───── RECORDS FOR THIS TASK

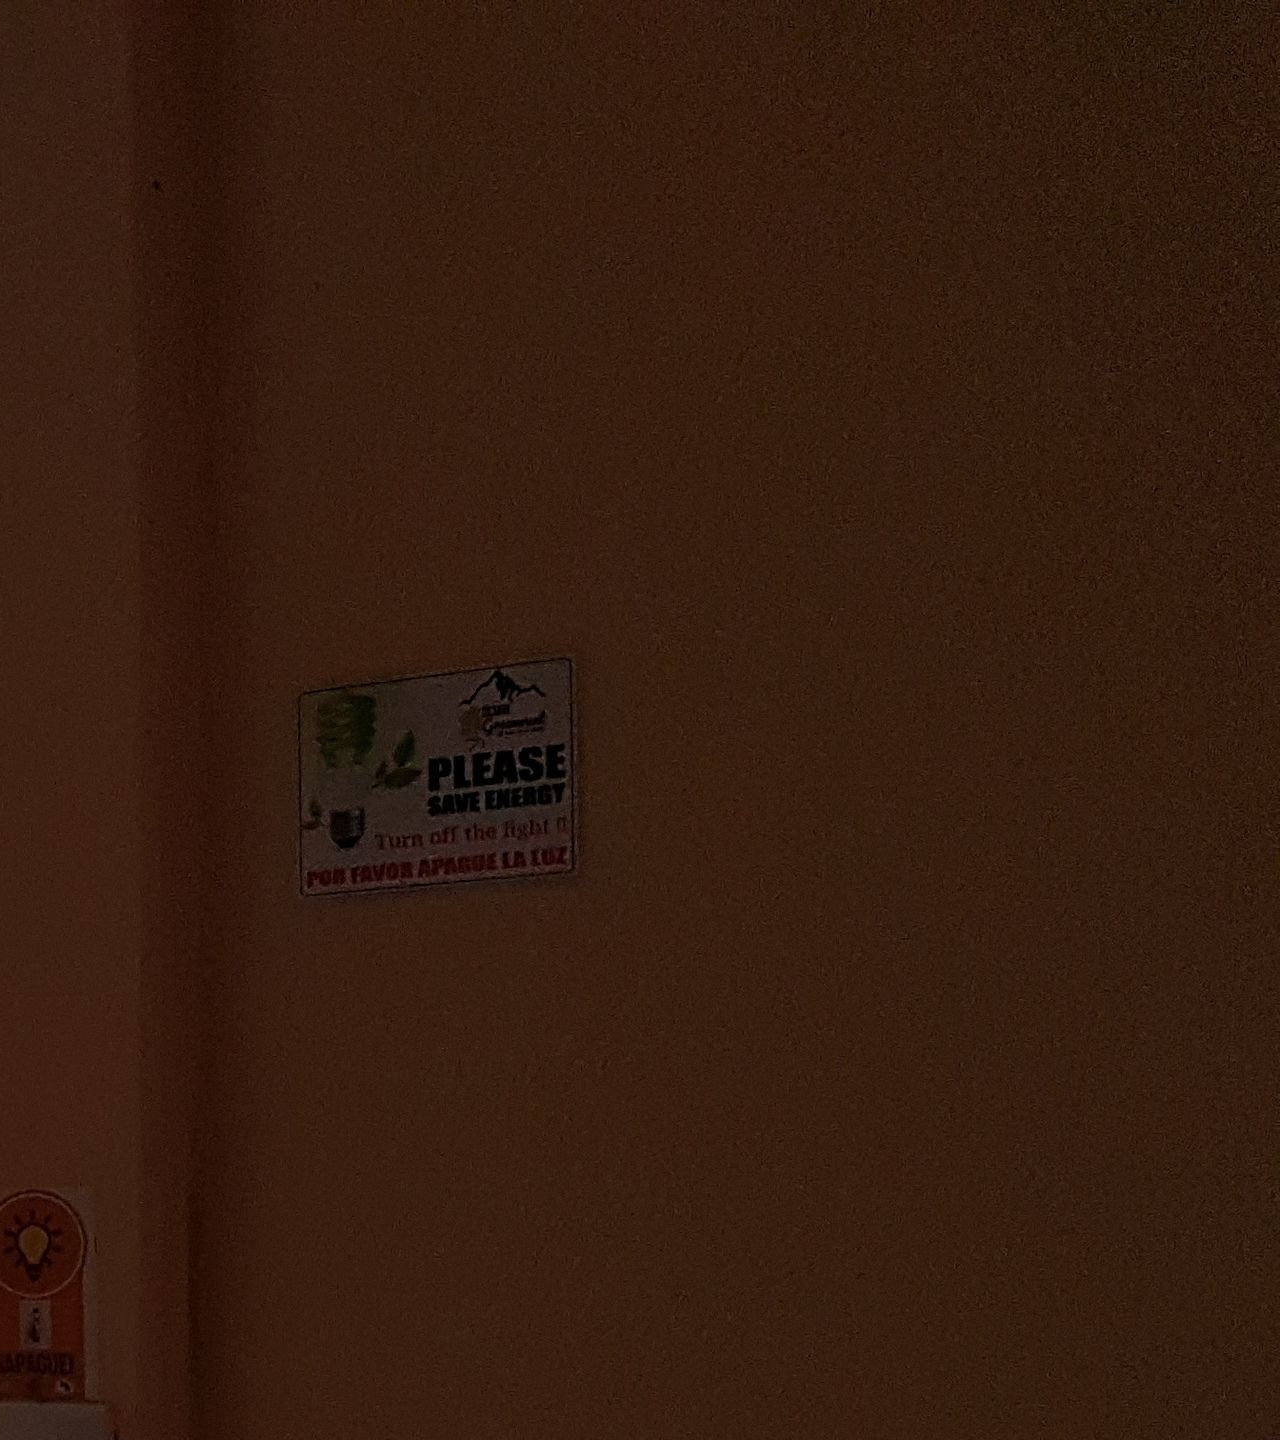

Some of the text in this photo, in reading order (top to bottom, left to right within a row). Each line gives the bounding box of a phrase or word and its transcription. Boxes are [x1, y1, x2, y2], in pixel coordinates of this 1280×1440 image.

[428, 744, 566, 791] PLEASE
[428, 782, 565, 816] SAVE ENERGY
[375, 833, 423, 849] Turn
[430, 823, 456, 844] off
[466, 823, 496, 840] the
[504, 818, 548, 839] light
[307, 846, 567, 888] POR FAVOR APAGUE LA LUZ
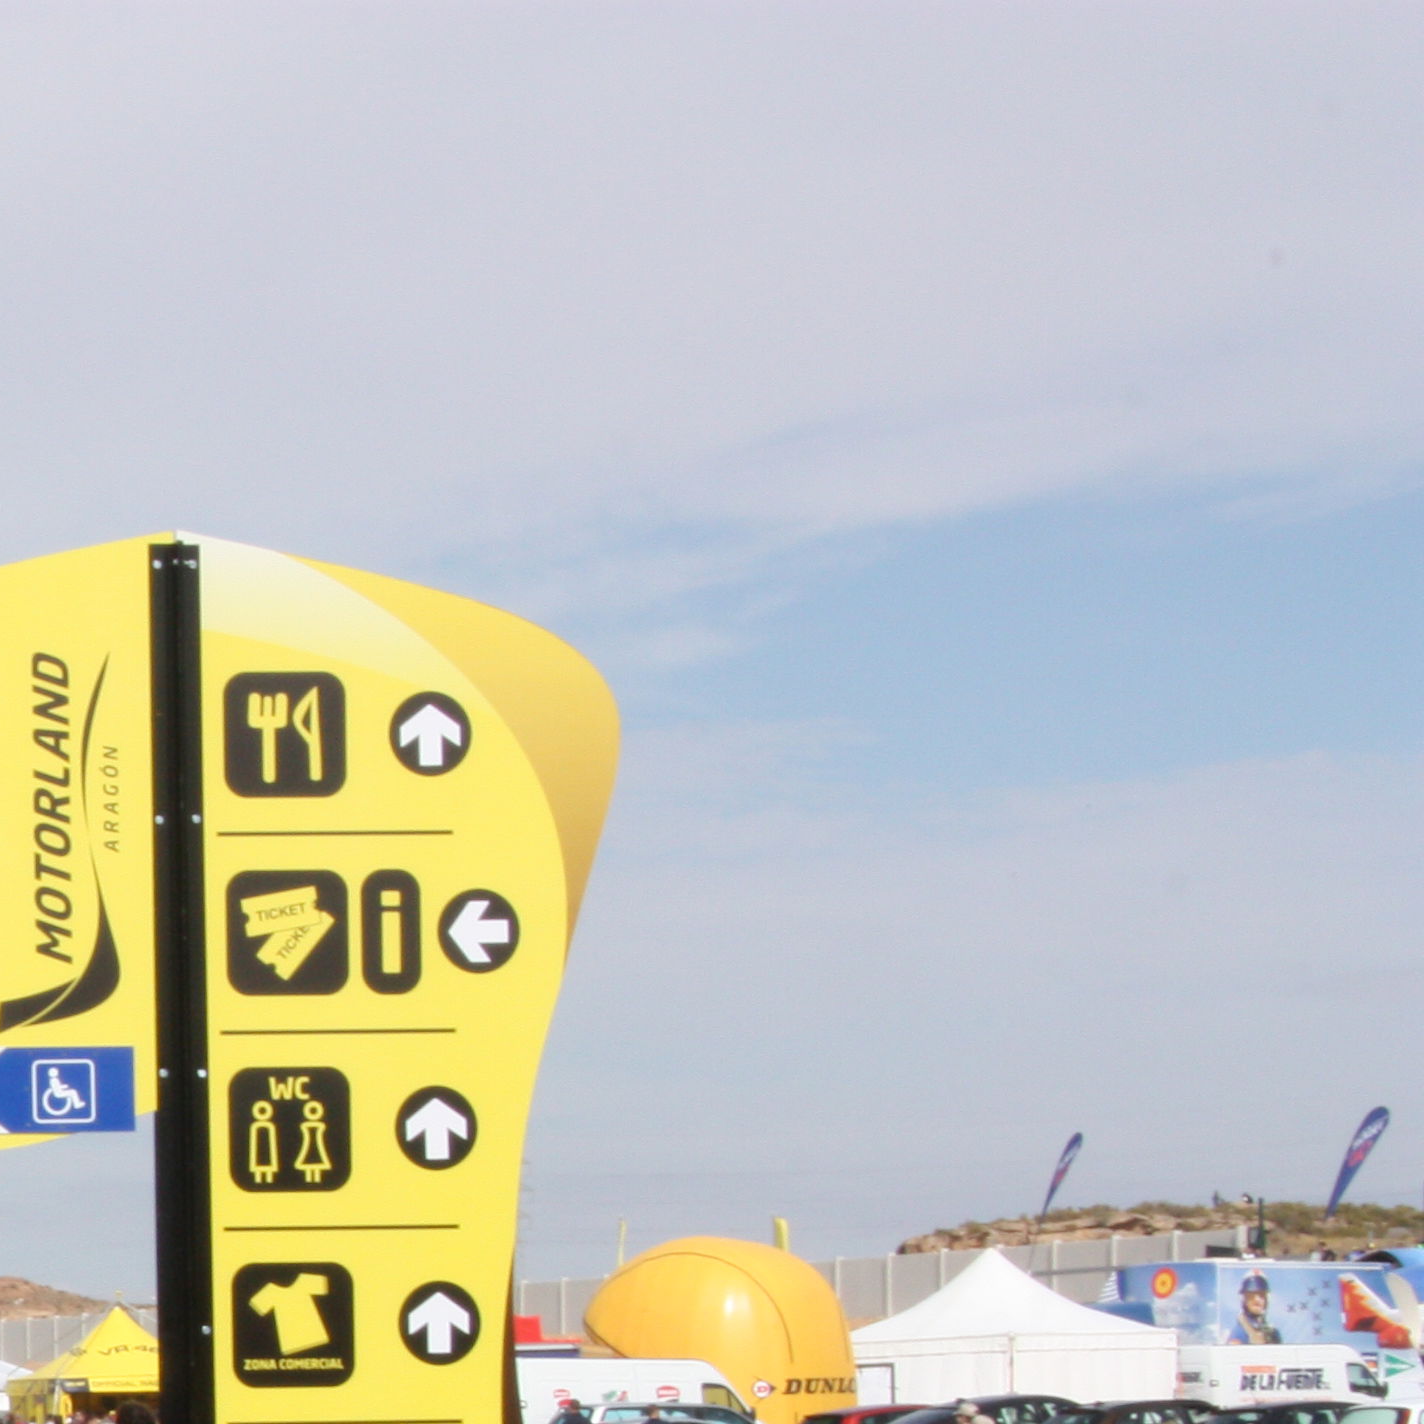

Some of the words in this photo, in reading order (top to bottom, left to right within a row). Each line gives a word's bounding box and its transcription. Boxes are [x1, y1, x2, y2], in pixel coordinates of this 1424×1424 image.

[32, 652, 73, 964] MOTORLAND
[100, 746, 120, 853] ARAGÓN
[256, 902, 305, 922] TICKET
[268, 1076, 310, 1100] WC
[243, 1358, 277, 1371] ZONA
[278, 1357, 344, 1370] COMERCIAL

──────────

§ **WHAT IS EXPECTED**
Could you transcribe the records above exactly, leaving every picture out?

§ **TASK ANSWER**
Some of the text in this photo, in reading order (top to bottom, left to right within a row). Each line gives the bounding box of a phrase or word and its transcription. Boxes are [x1, y1, x2, y2], in pixel coordinates of this 1280×1440 image.

[428, 744, 566, 791] PLEASE
[428, 782, 565, 816] SAVE ENERGY
[375, 833, 423, 849] Turn
[430, 823, 456, 844] off
[466, 823, 496, 840] the
[504, 818, 548, 839] light
[307, 846, 567, 888] POR FAVOR APAGUE LA LUZ

Some of the words in this photo, in reading order (top to bottom, left to right within a row). Each line gives a word's bounding box and its transcription. Boxes are [x1, y1, x2, y2], in pixel coordinates of this 1424×1424 image.

[32, 652, 73, 964] MOTORLAND
[100, 746, 120, 853] ARAGÓN
[256, 902, 305, 922] TICKET
[268, 1076, 310, 1100] WC
[243, 1358, 277, 1371] ZONA
[278, 1357, 344, 1370] COMERCIAL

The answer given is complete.